TASK ITEM —
Will you output all of the data below exactly, omitting the images?

DATA SUPPLIED —

---

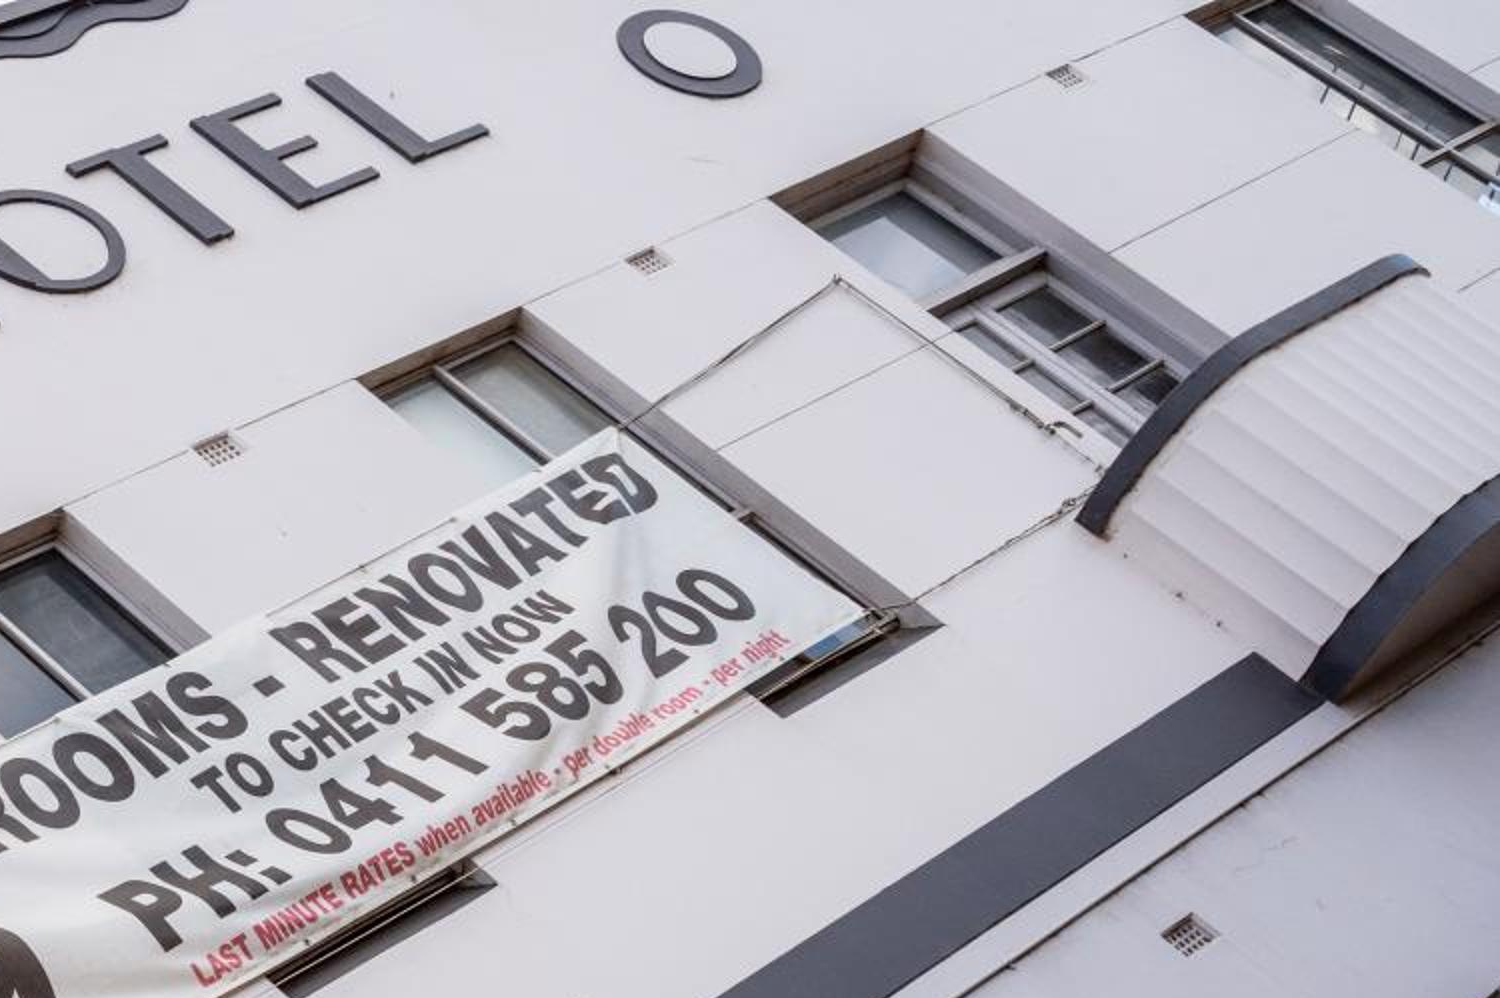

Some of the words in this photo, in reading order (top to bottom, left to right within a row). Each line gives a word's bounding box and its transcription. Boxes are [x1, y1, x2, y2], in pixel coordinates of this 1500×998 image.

[190, 752, 274, 813] TO
[268, 670, 434, 771] CHECK
[413, 641, 481, 695] IN
[463, 590, 576, 664] NOW
[268, 452, 658, 683] RENOVATED
[98, 844, 292, 952] PH:
[265, 731, 489, 854] 0411
[459, 629, 624, 741] 585
[607, 568, 757, 679] 200
[191, 933, 254, 987] LAST
[253, 882, 344, 950] MINUTE
[339, 841, 416, 898] RATES
[414, 814, 470, 856] when
[471, 768, 550, 825] available
[562, 749, 593, 778] per
[592, 711, 653, 756] double
[650, 686, 700, 722] room
[710, 659, 742, 687] per
[741, 629, 790, 660] night

---

EXERCISE OUTPUT —
Some of the words in this photo, in reading order (top to bottom, left to right within a row). Each line gives a word's bounding box and its transcription. Boxes are [x1, y1, x2, y2], in pixel coordinates of this 1500×998 image.

[190, 752, 274, 813] TO
[268, 670, 434, 771] CHECK
[413, 641, 481, 695] IN
[463, 590, 576, 664] NOW
[268, 452, 658, 683] RENOVATED
[98, 844, 292, 952] PH:
[265, 731, 489, 854] 0411
[459, 629, 624, 741] 585
[607, 568, 757, 679] 200
[191, 933, 254, 987] LAST
[253, 882, 344, 950] MINUTE
[339, 841, 416, 898] RATES
[414, 814, 470, 856] when
[471, 768, 550, 825] available
[562, 749, 593, 778] per
[592, 711, 653, 756] double
[650, 686, 700, 722] room
[710, 659, 742, 687] per
[741, 629, 790, 660] night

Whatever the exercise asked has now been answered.